Wednesday, November 2, 2011 | 8:22 p.m. CDT; updated 6:17 p.m. CST, Monday, February 27, 2012

JEFFERSON CITY —  After Ronald Sanders' wife died in 2005 — because of a medicine that caused irreversible brain damage, he said — he sued.

He sued a slew of doctors for wrongful death and medical malpractice, and he dismissed or settled with all but one, neurologist Iftekhar Ahmed. At the end of the trial, the jury awarded Sanders and his daughters nearly $1 million to pay back medical bills as well as $9.2 million in non-economic damages, those that aren't related to medical or monetary costs.

There was just one problem: Ahmed's attorneys whipped out a state statute that caps the non-economic damages a jury can award in medical malpractice lawsuits. That statute knocked down Sanders' non-economic awards to $1.2 million; his attorneys responded that the statute was unconstitutional. The case was appealed and cross-appealed to the Missouri Supreme Court.

The seven justices of the state's high court heard arguments Wednesday from the attorneys on whether the legislature's cap on non-economic damages in medical malpractice lawsuits violates the Missouri Constitution.

The legislature first imposed limits on non-economic damage awards in an effort to hold down the rise in medical malpractice insurance rates.

The attorneys focused on the arguments from the plaintiff's appeal, which said that the reduced damages are unconstitutional because the statute capping the awards denies a legitimate trial by jury and violates the separation of powers between branches of the government.

Right of trial by jury

The Missouri Constitution guarantees the right of trial by jury, but plaintiff attorney Steve Hobson argued that the statute limiting the amount of damages doctors must pay the plaintiff cuts the jury's job short. The jurors aren't able to award high-dollar damages after listening to the facts of a case; instead, the jurors are prevented from awarding full damages by the statute enacted by the state legislature, Hobson said.

"My client was entitled to $10 million and the legislature, without knowing any of the facts of the case, said, 'Oh no he's not. He's only entitled to this amount,'" Hobson said in court.

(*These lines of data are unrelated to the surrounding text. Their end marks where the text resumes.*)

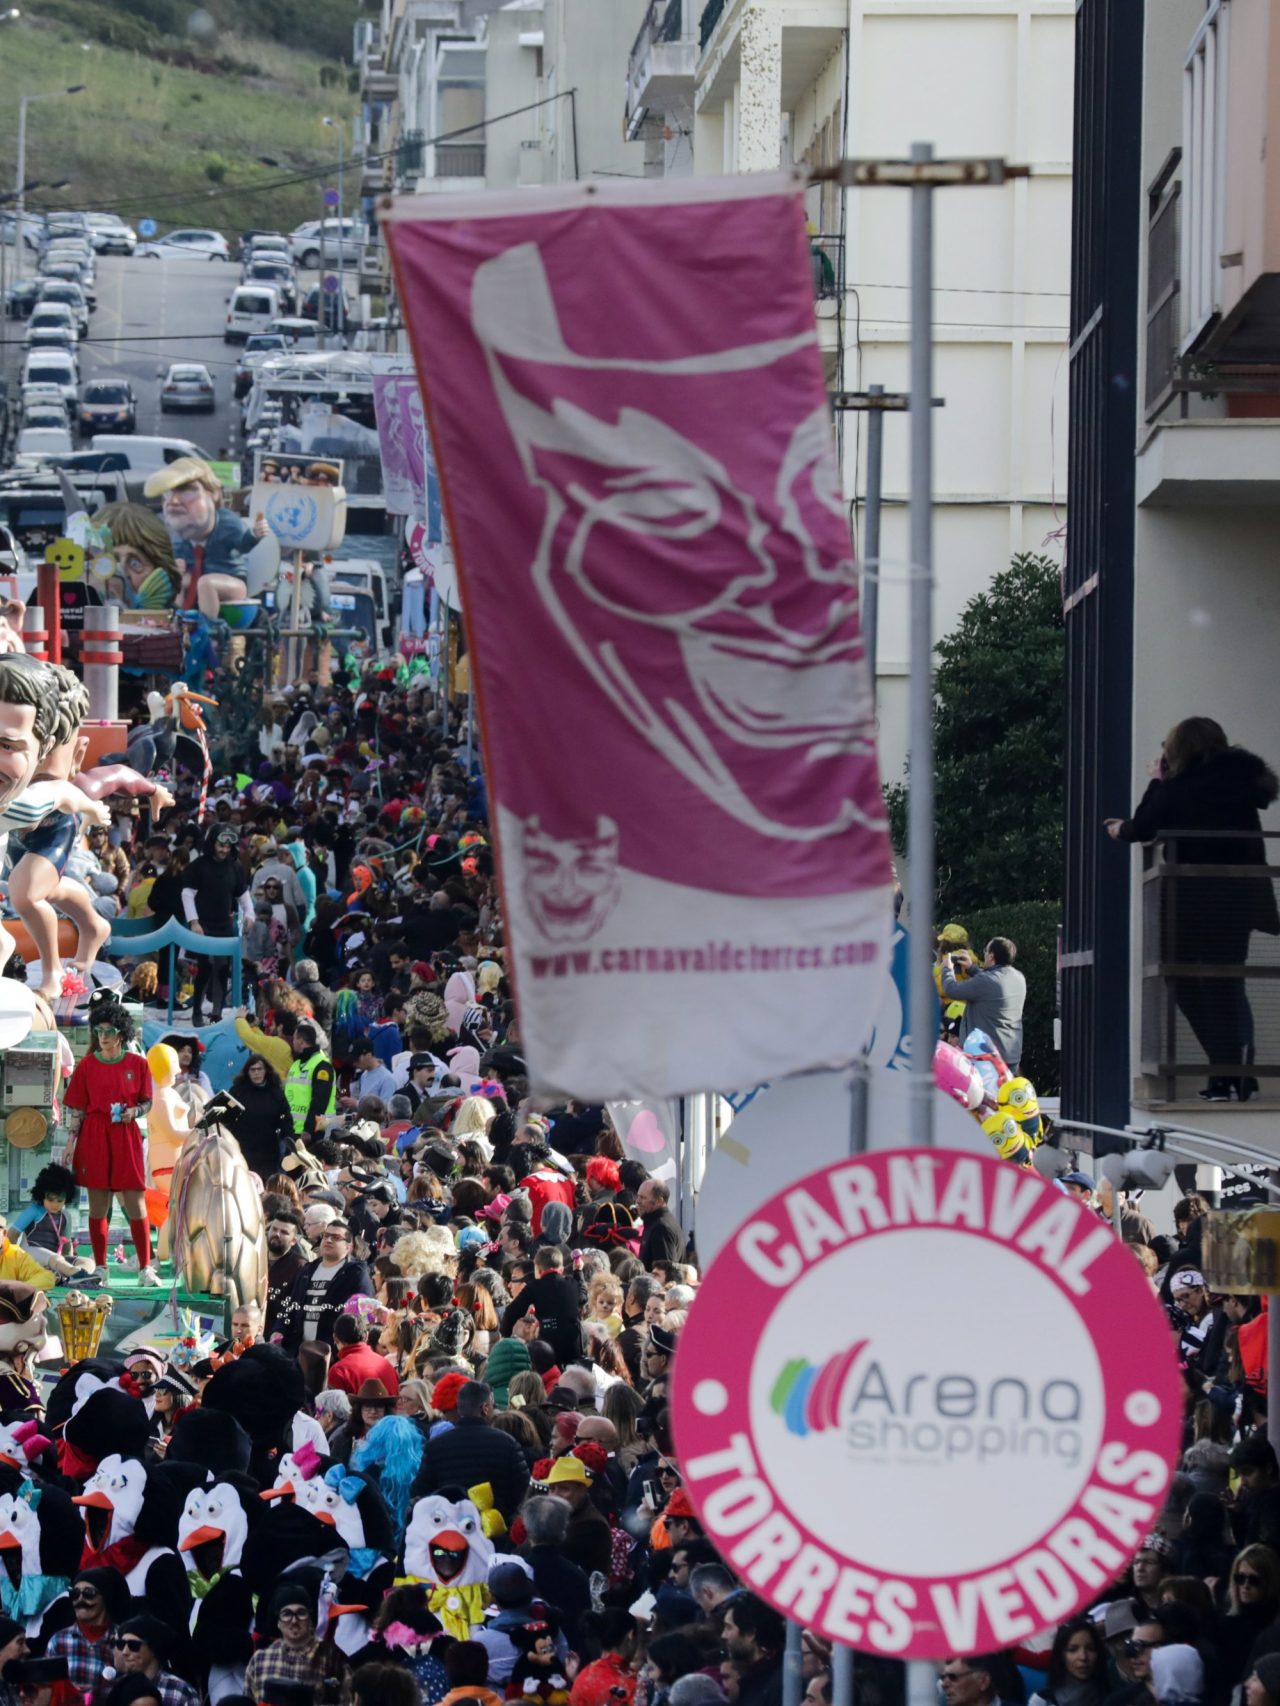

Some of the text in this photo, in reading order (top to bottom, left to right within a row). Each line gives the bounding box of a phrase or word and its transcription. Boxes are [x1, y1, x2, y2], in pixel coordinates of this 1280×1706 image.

[736, 1153, 1115, 1296] CARNAVAL
[847, 1417, 1083, 1469] shopping
[850, 1360, 1082, 1423] Arena
[685, 1432, 1170, 1653] TORRES VEDRAS
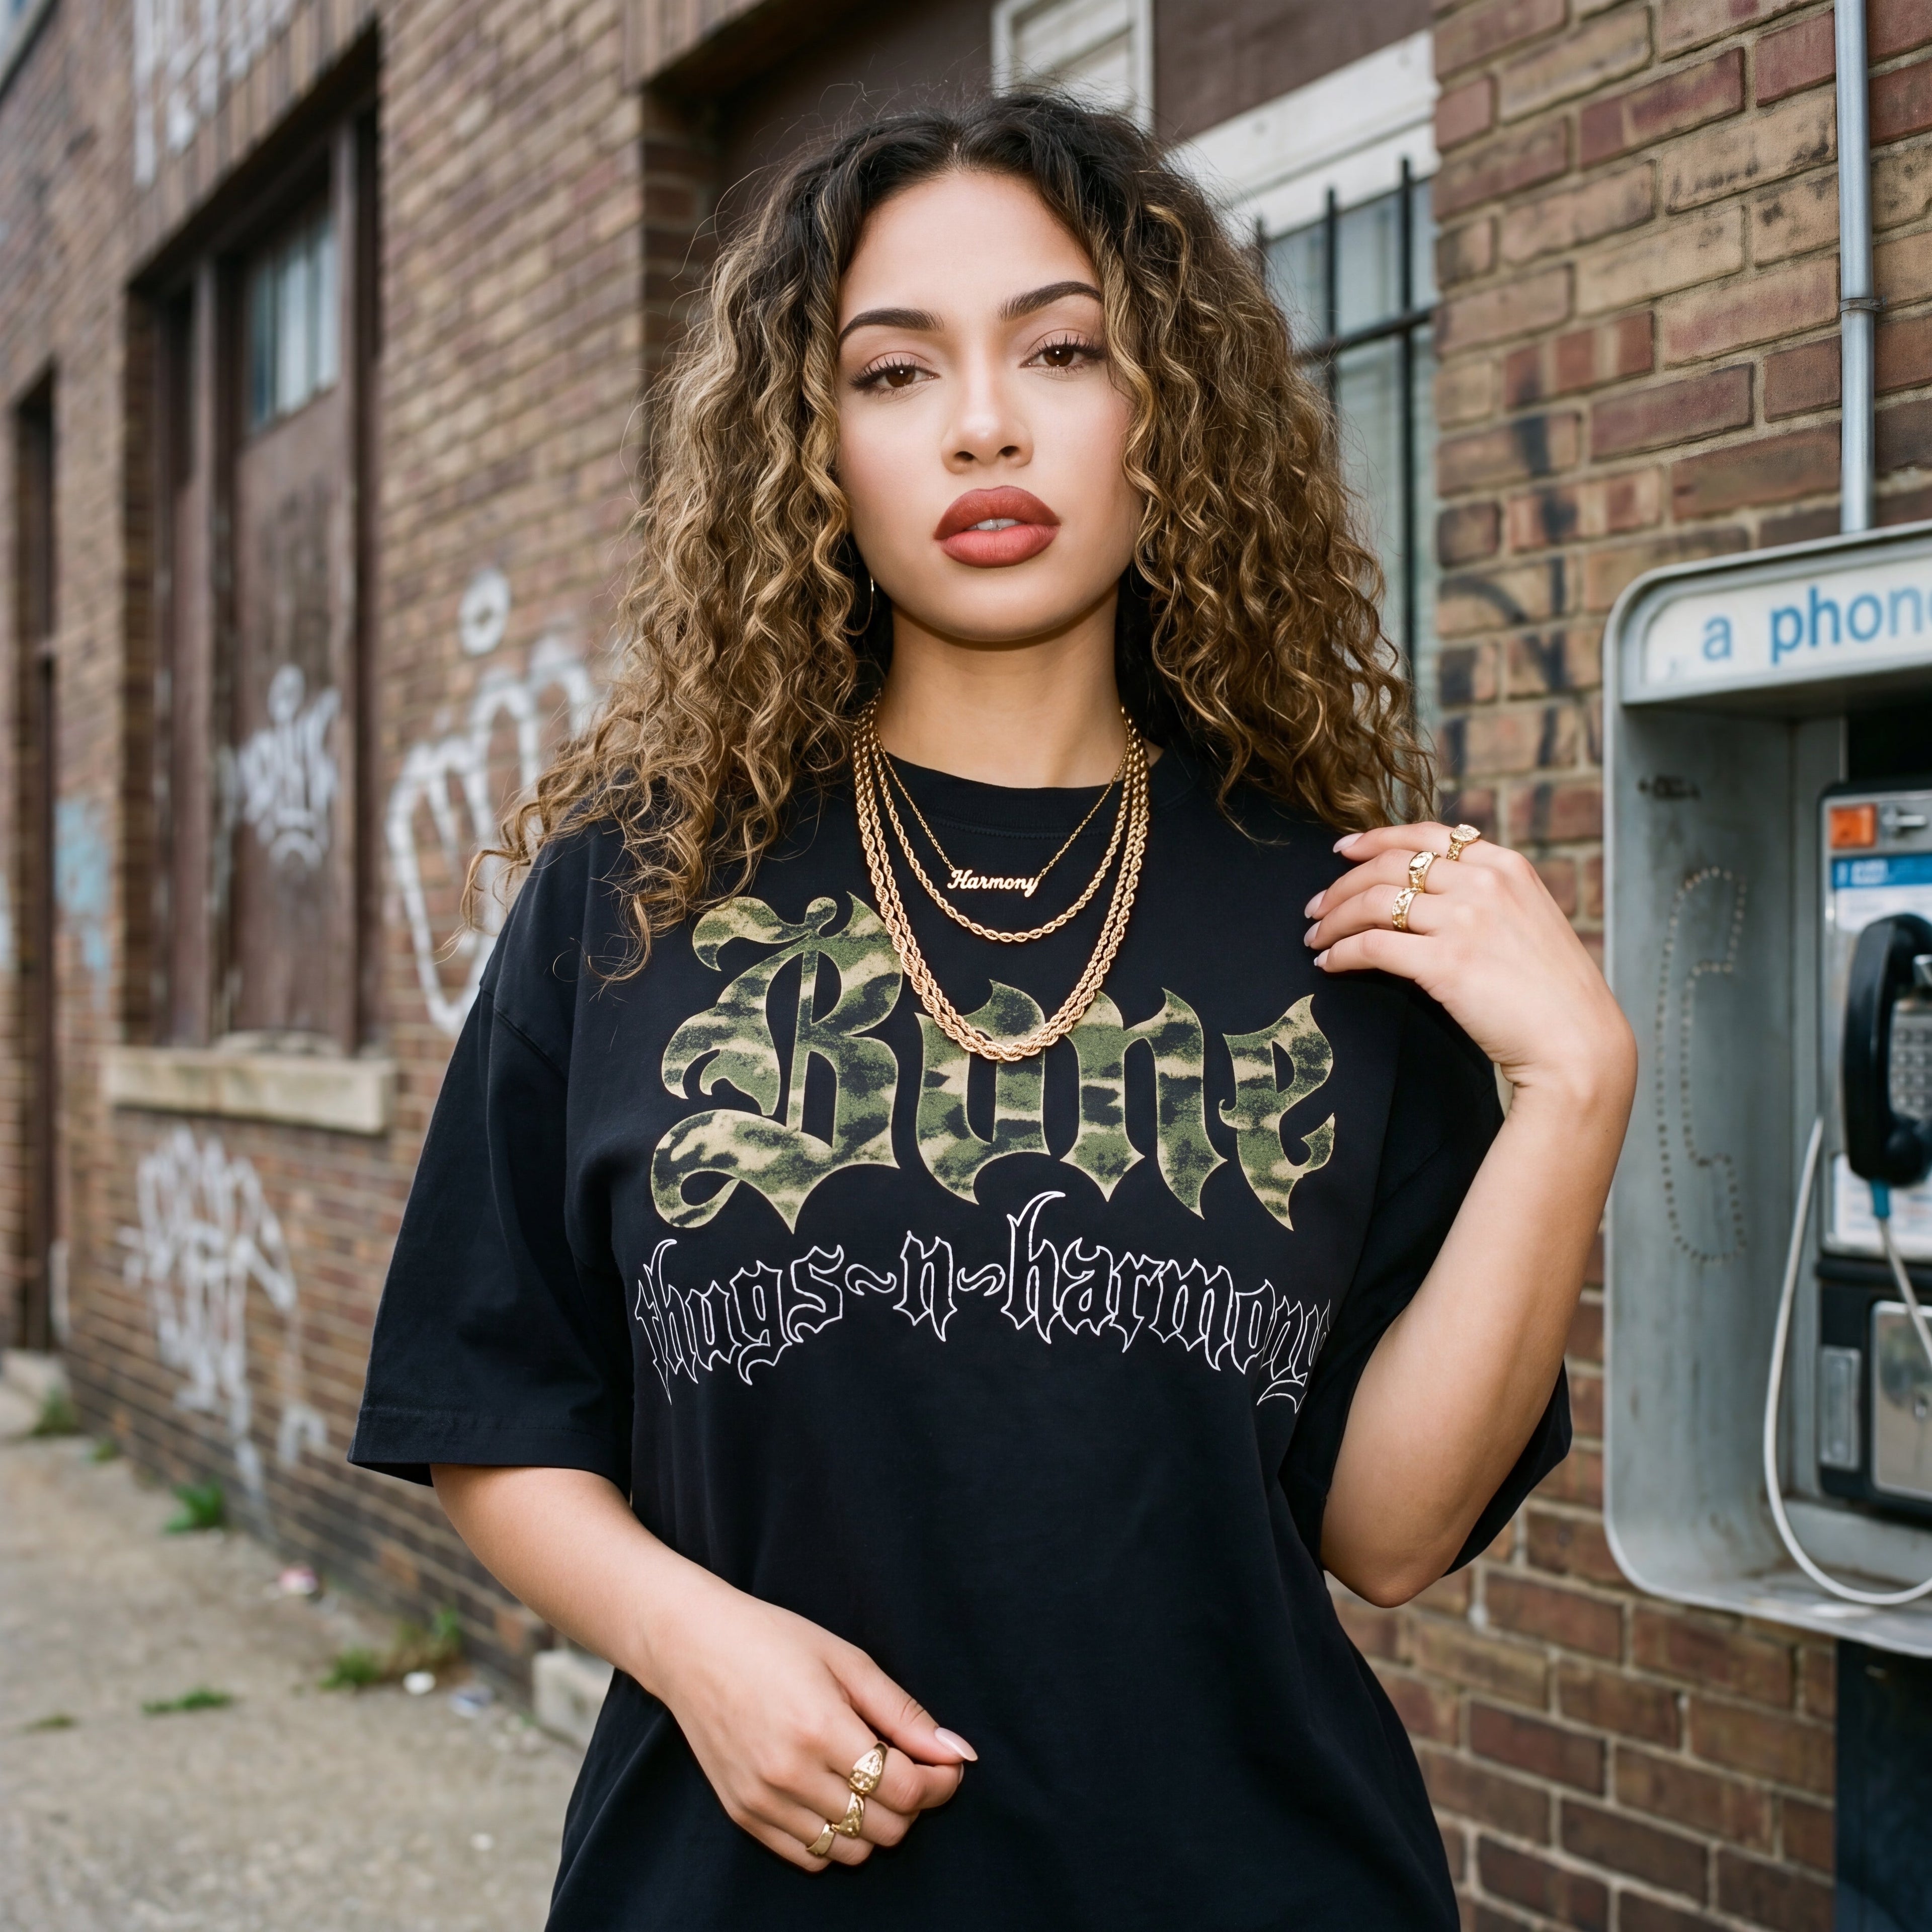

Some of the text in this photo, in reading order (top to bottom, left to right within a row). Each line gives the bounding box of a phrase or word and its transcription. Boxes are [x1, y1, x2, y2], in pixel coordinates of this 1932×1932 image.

Defense attorney Tim Aylward responded that the right to a trial by jury doesn't include a right to have the jury award the damages, a precedent he said was set with a 1992 case against Children's Mercy Hospital that stated the statute doesn't violate the right to trial by jury.

Aylward said even with the cap in place, the jury still serves its function of trying the facts of the case and making a judgment.

Separation of powers

The second article of the state constitution contains one paragraph comprising one sentence, which declares that the three branches of state government — legislative, executive and judicial — must remain separate and not encroach on the powers of the other branches.

To have the Missouri General Assembly create a law that caps the amount of damages jurors can award means that the legislative branch is sticking its fingers in the judiciary's business, Hobson said. And to have the legislature tell the courts to disregard jury-awarded damages could lead to a slippery slope, he added.

Aylward said that the courts operate under statutes and laws created by the legislature on a regular basis.

"Every day in this state and across the country, juries and judges decide cases within a matrix of a framework of laws that come to them by precedent and also by the legislature," he said.

It's the legislature's valid prerogative to place uniform outer limits on how much a doctor or health care provider can be required to pay, Aylward said.

The Supreme Court has not yet ruled on the case.